Wood contains components that are not hydrolyzed, such as lignin, and thus a residue containing lignin and the like is obtained after hydrolysis using a cluster acid catalyst. In the residue, cellulose or hemicellulose reacts in the hydrolysis reaction and falls out, resulting in pores. It is considered that the cluster acid catalyst remaining in the pores cannot be sufficiently recovered in the first and second solid-liquid separation steps.
Therefore, in the pressing step, by eluting the cluster acid catalyst remaining in the pores in the plant fiber residue, the cluster acid catalyst remaining in the pores that could not be sufficiently recovered until now can be recovered.

Specific examples of the pressing method include a method using a screw type decanter and a method using a press plate type decanter.
The screw-type decanter is an apparatus that presses and removes a sample by utilizing the rotation of a screw in a liquid removal chamber provided with an inner cylinder screw in an outer cylinder screen. In particular, the outer cylinder screen is always rotated at a lower speed than the conventional screw type decanter with the outer cylinder screen fixed, and the inner cylinder screw is differentially rotated in the same rotational direction at a higher speed than the outer cylinder screen.
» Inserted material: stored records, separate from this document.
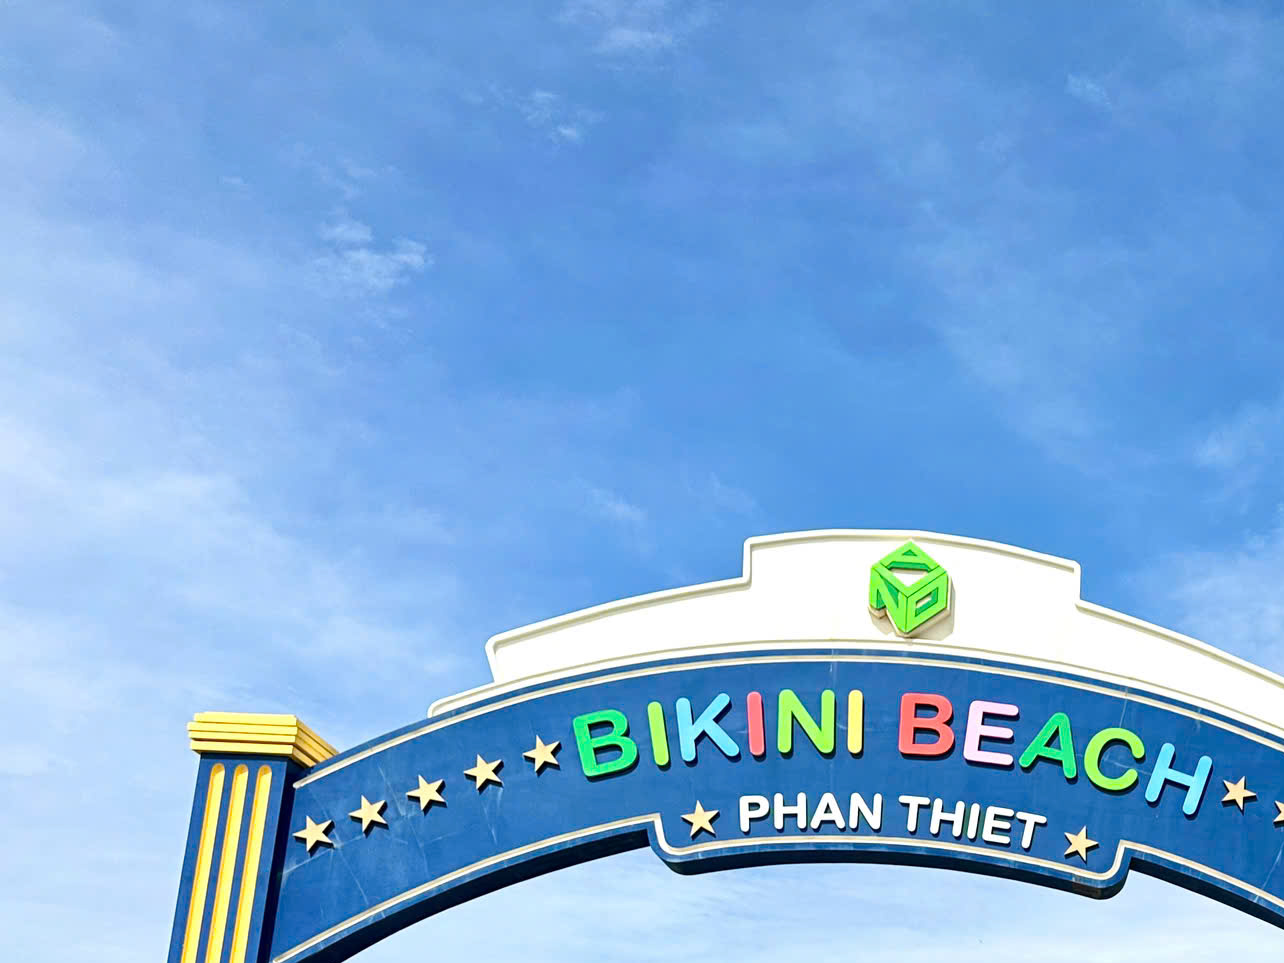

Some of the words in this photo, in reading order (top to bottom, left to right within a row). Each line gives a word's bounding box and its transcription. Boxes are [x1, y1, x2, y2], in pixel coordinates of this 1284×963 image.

[573, 689, 864, 777] BIKINI
[898, 692, 1213, 815] BEACH
[739, 792, 884, 833] PHAN
[898, 795, 1047, 849] THIET
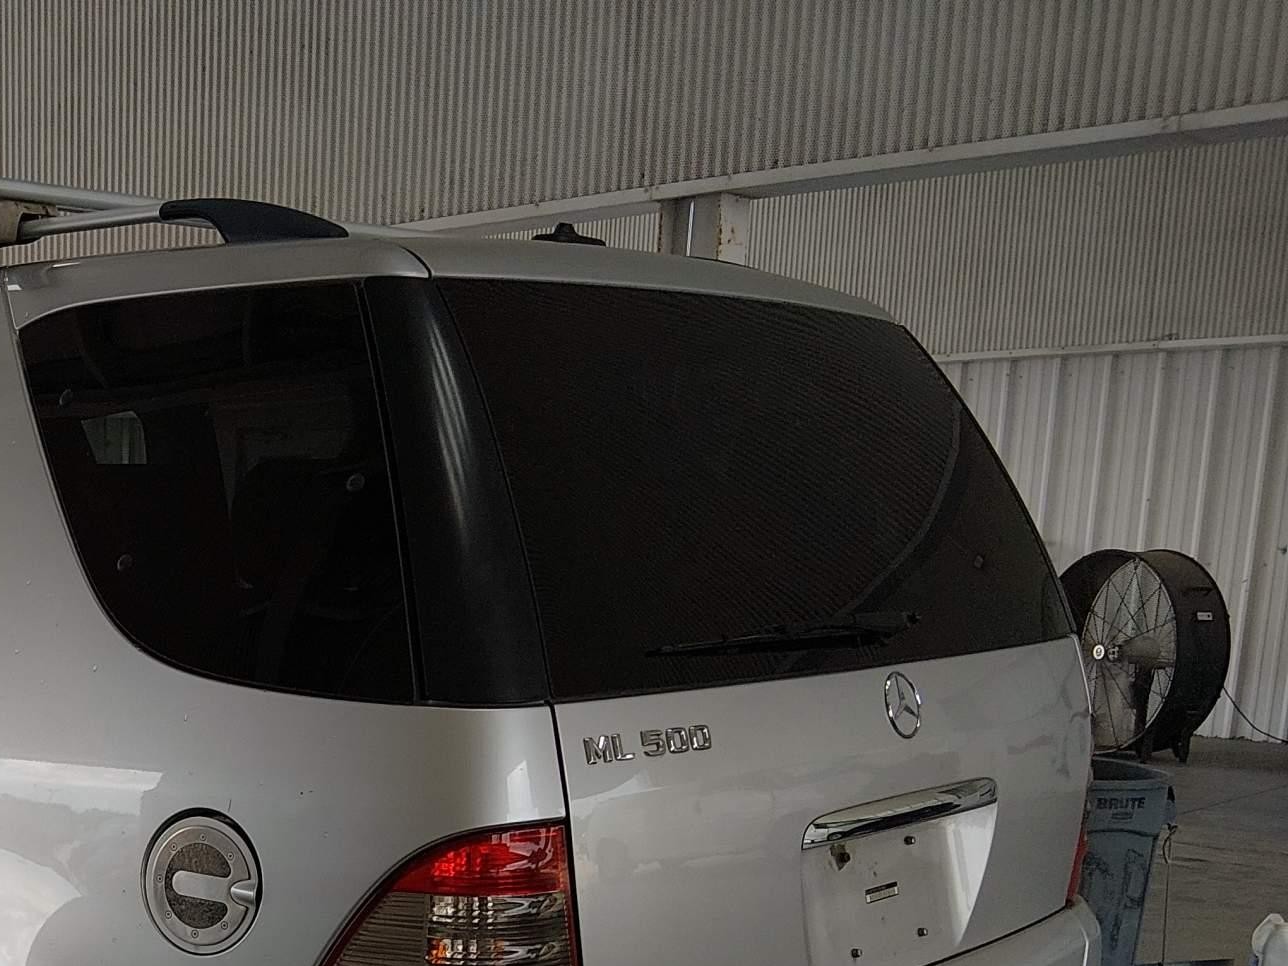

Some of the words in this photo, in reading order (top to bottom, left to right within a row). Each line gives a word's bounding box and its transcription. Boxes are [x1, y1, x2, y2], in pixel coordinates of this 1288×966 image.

[583, 733, 635, 765] ML
[640, 724, 712, 757] 500
[1095, 796, 1146, 810] BRUTE
It is preferable to use a differential rotary screw type decanter for performing the liquid because of high efficiency.
A press plate type decanter is a device that continuously presses with a press plate to separate a solid and a liquid. In particular, it is preferable that a screw mechanism for conveying the pressed solid is attached.

Specific examples of the second organic solvent include alcohols such as ethanol, methanol, and n-propanol. Alcohols can be preferably used, and ethanol is particularly preferable. Ethanol is one of the most suitable solvents because the solubility of the cluster acid catalyst is very high.
Thus, by using alcohol as the second organic solvent, the cluster acid catalyst can be eluted as much as possible from the solid matter or the plant fiber residue in the pressing step.
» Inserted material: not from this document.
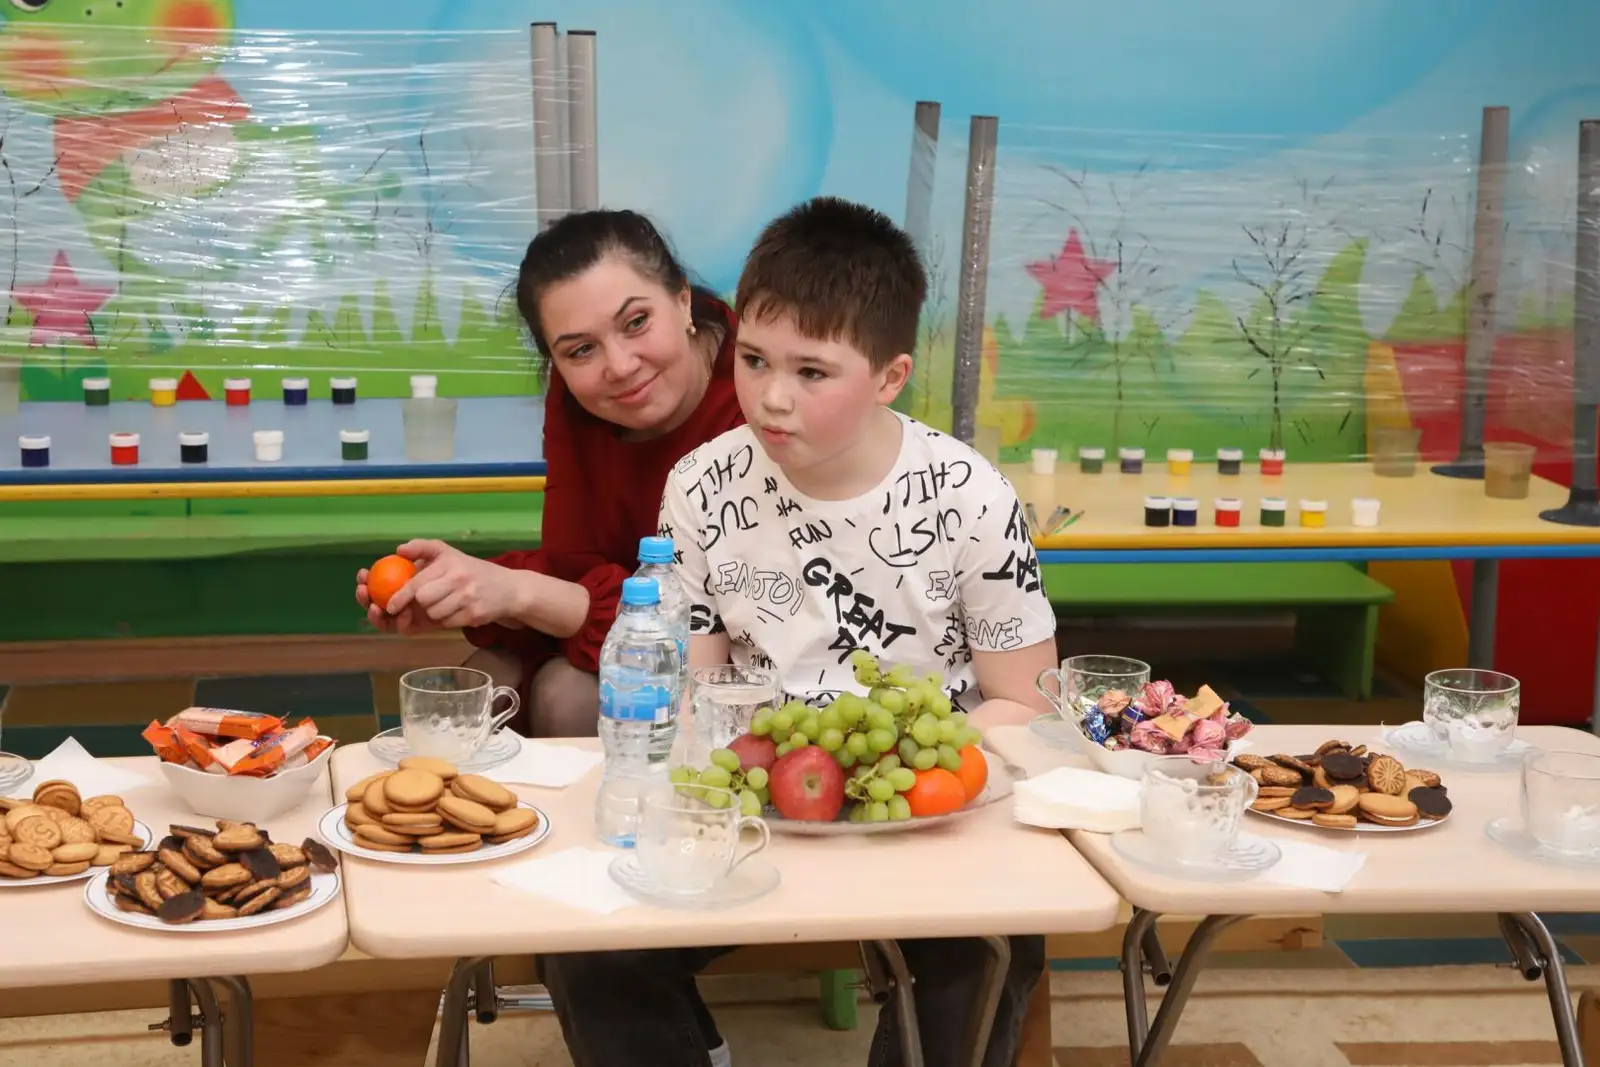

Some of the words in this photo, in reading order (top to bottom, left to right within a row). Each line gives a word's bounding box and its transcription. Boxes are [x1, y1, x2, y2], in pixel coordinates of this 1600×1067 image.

[789, 519, 832, 550] FUN
[889, 508, 963, 558] JUST
[802, 557, 916, 649] GREAT
FIG. 5 is a diagram showing a typical example of the pressing process of the present invention.
First, the solid content obtained in the first solid-liquid separation step or the vegetable fiber residue obtained in the second solid-liquid separation step is dried and then impregnated in the second organic solvent. The amount of the second organic solvent may be such that the solid content or the vegetable fiber residue is wetted throughout.
Next, it isolate | separates into a vegetable fiber residue and a cluster acid catalyst solution by pressing. For the compression, any of the above-described screw type decanter and press plate type decanter can be used.
Then, it is determined whether it was able to fully squeeze. An example of the determination method is weight reduction before and after pressing. When it determines with not being able to fully squeeze, it impregnates in a 2nd organic solvent and squeezes again. Depending on the criteria, it is preferable to squeeze about three times.
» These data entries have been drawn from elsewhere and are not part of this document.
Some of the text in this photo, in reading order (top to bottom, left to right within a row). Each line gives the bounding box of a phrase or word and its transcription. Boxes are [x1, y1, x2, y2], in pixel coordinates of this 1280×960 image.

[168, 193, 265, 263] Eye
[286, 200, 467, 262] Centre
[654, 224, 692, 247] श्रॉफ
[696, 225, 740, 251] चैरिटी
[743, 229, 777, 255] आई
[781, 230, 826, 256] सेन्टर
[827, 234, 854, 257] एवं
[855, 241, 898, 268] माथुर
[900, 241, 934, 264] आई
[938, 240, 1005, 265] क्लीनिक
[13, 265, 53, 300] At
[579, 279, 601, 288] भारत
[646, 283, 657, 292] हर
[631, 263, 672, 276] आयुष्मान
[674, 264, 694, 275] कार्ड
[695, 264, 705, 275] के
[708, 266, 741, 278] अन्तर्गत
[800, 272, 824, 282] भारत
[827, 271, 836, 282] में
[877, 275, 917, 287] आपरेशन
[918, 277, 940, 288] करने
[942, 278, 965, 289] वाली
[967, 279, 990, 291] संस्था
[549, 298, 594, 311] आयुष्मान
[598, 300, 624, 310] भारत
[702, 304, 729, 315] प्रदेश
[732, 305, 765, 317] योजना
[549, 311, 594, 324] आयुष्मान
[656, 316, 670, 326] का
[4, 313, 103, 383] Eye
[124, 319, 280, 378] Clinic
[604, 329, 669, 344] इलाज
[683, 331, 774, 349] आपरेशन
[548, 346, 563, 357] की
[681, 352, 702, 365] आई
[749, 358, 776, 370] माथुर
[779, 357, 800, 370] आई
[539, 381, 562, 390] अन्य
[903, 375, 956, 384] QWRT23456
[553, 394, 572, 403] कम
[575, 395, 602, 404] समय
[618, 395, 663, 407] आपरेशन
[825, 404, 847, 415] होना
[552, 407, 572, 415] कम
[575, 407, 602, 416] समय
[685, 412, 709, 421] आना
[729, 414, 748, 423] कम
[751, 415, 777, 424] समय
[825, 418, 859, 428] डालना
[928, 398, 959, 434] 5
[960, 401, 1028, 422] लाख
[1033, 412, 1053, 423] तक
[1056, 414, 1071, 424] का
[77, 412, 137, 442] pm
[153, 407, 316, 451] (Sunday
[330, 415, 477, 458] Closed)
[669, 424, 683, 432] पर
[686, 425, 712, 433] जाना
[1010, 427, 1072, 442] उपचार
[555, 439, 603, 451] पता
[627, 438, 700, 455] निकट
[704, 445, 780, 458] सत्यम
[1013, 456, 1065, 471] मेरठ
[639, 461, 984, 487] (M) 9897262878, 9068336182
As described above, either (2) the second solid-liquid separation step or (3) the pressing step may be performed first. FIG. 6 is a diagram showing a typical example of the saccharification / separation method of the present invention, and is a process diagram performed in the order of the first solid-liquid separation process, the second solid-liquid separation process, and the pressing process.
In this typical example, based on the solid content (filtrate 3) obtained in the first solid-liquid separation step, the plant fiber residue and the aqueous solution are separated in the second solid-liquid separation step. About the obtained plant fiber residue, the cluster acid catalyst which remained in the pore in a plant fiber residue is collect | recovered through a pressing process.

FIG. 7 is a diagram showing a second typical example of the saccharification / separation method of the present invention, and is a process diagram performed in the order of the first solid-liquid separation step, the pressing step, and the second solid-liquid separation step. In the second typical example, the first solid-liquid separation step is described by changing the number of times of filtration to two.
In the second typical example, the solid content (filtrate 2) obtained in the first solid-liquid separation step is further subjected to a pressing step, whereby the cluster acid remaining in the pores in the solid content is obtained. The catalyst is recovered and separated into a vegetable fiber residue and an aqueous solution in the second solid-liquid separation step based on the solid content after elution of the cluster acid catalyst.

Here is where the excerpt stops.